Sora Nguyễn
Sora Nguyễn

Reputation: 33

Find missing records in ONE-TO-MANY relationship query

I have 3 tables:

Class

Id ClassName
guid 1A
guid 2A

Subject

Id SubjectName
guid Math
guid Biography

SubjectOfEachClass

Id ClassId SubjectId TeacherName
guid guid guid James Bond

The way I wanted these tables to work is:

I ran into some problems, I queried the SubjectOfEachClass table and there are only 95 records. The query command I use to find the missing subjects is:

SELECT *
FROM Subject s
JOIN (
    SELECT *
    FROM SubjectOfEachClass
    WHERE ClassId = 'guid'
) AS sc ON s.Id = sc.SubjectId

I replaced the ClassId several times until I found the class that misses some of the subjects.
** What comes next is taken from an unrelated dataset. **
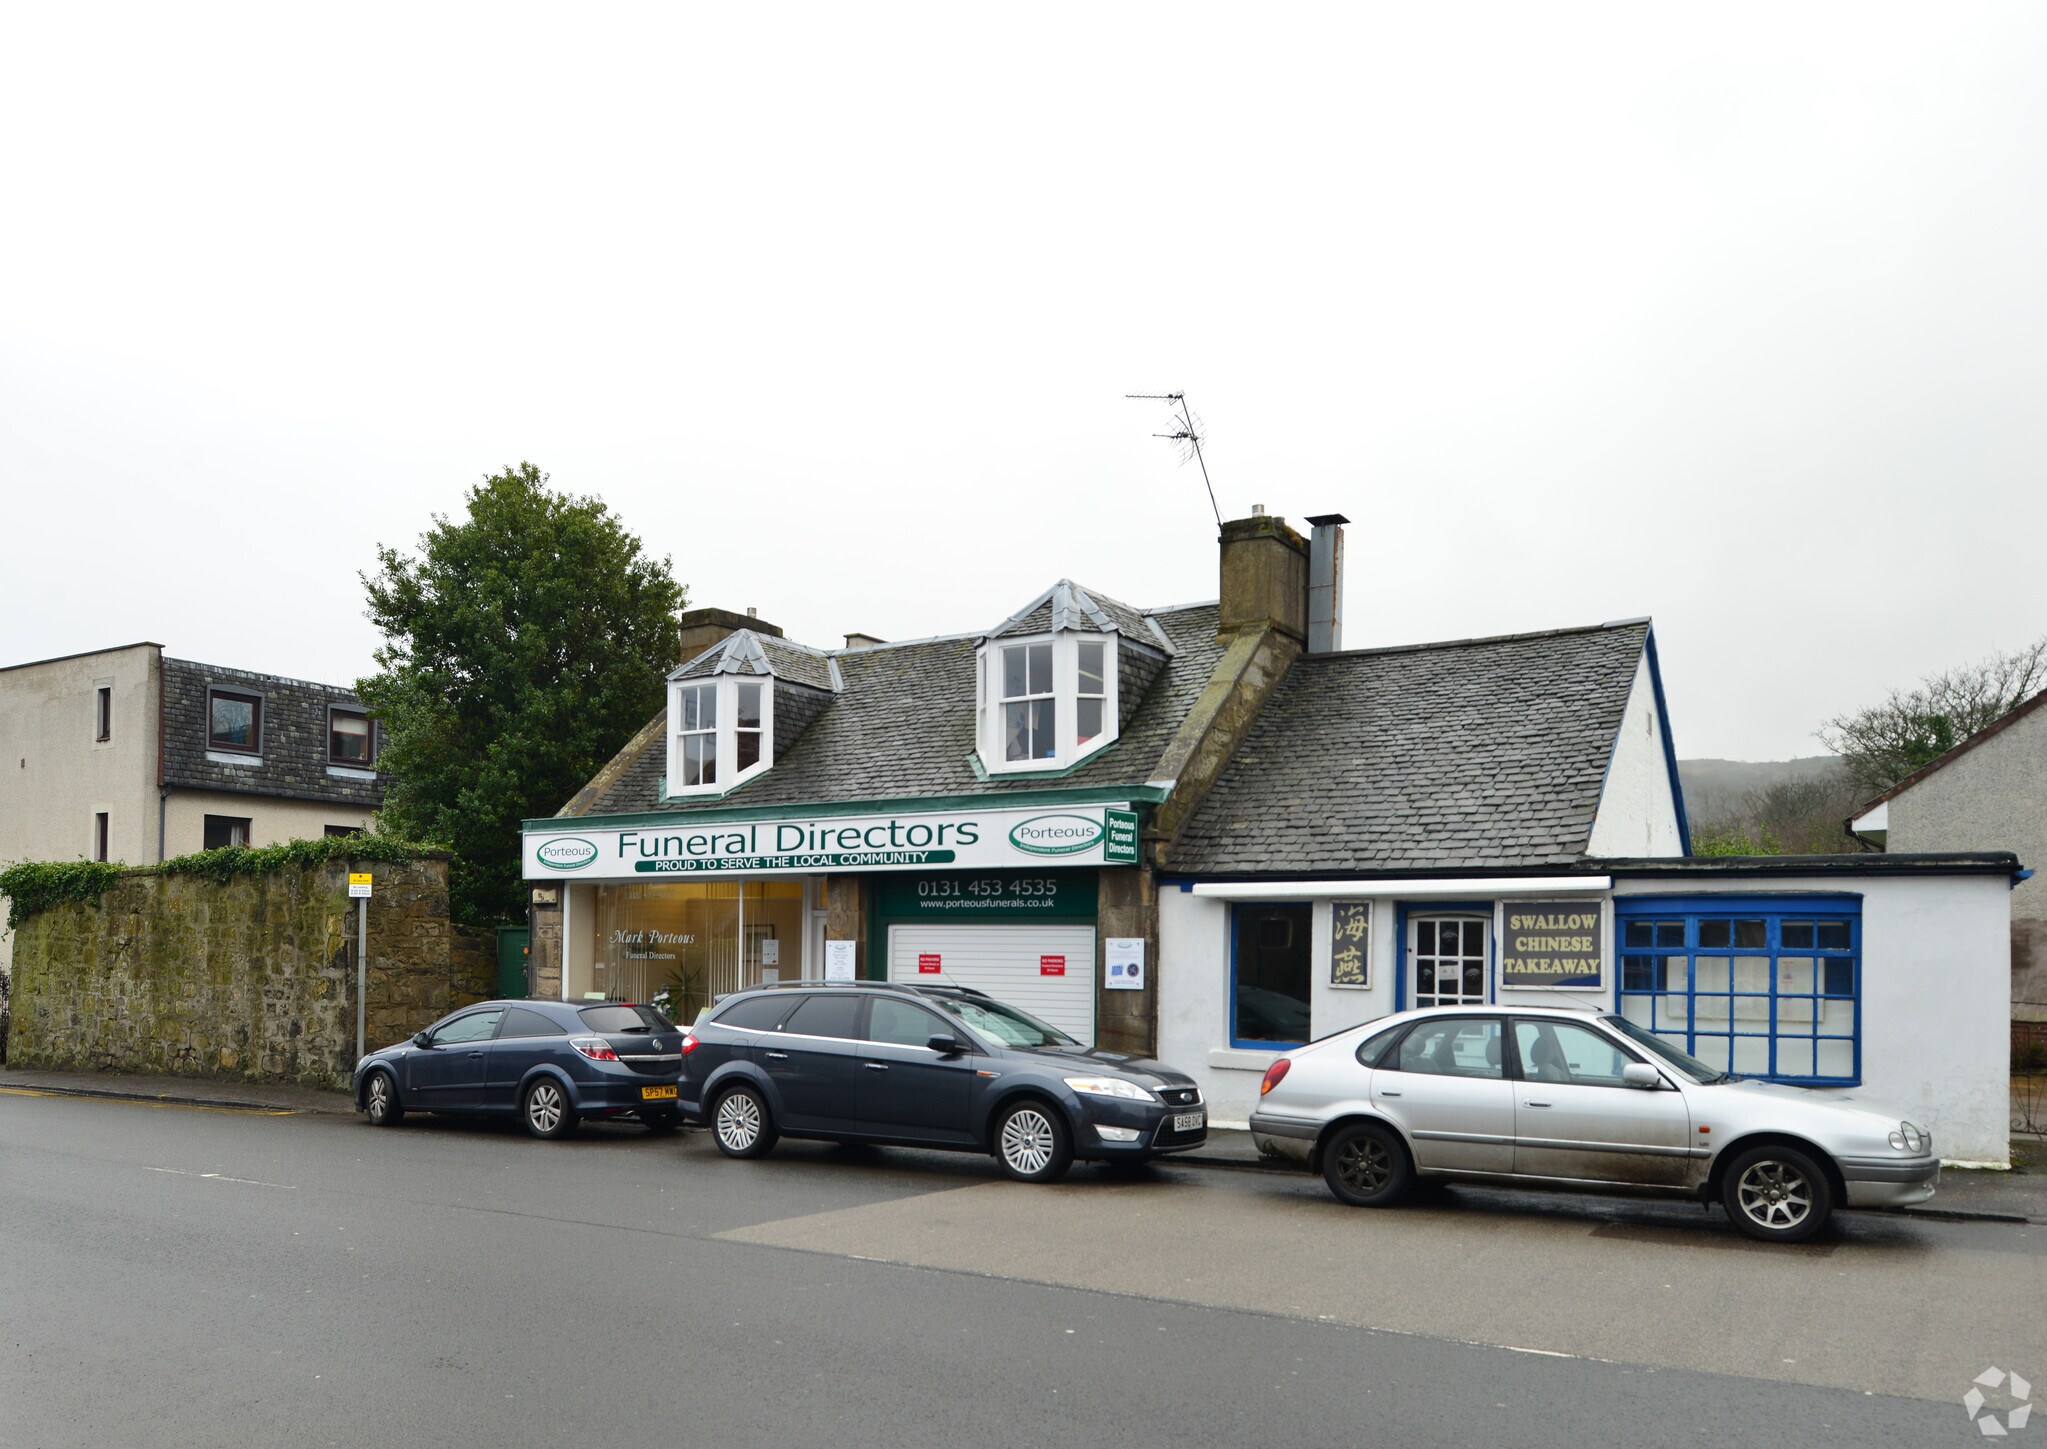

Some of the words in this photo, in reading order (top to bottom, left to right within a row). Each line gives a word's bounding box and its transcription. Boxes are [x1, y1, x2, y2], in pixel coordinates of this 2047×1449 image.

I reckon this way of querying is not efficient at all. If I have 100 subjects and 100 classes, there will no chance that I will find the missing subjects.

Upvotes: 3

Views: 613

Answers (3)

eshirvana
eshirvana

Reputation: 24603

to find every missing subject in all classes:

select c.id, c.classname , s.id , s.SubjectName
from class c
cross apply Subject s
where not exists (
   select 1 from SubjectOfEachClass sc 
   where sc.classid = c.id and sc.subjectid = s.id
)

Upvotes: 1

Ed Bangga
Ed Bangga

Reputation: 13016

Your primary table should be SubjectOfEachClass, then those foreign tables Subject and Class will join your primary table.

select *
from SubjectOfEachClass sc
inner join Subject s on s.guid=sc.guid
inner join Class c on c.guid=sc.guid
where sc.ClassId = 'guid'

Upvotes: 1

Yuti Friedlander
Yuti Friedlander

Reputation: 52

Try this:

SELECT c.id AS classId,
       count(sc.id) AS countOfSubjects
FROM SubjectOfEachClass AS sc
INNER JOIN Classes AS c ON c.id = sc.classId
GROUP BY c.id
ORDER BY countOfSubjects

The abnormal values will be floated.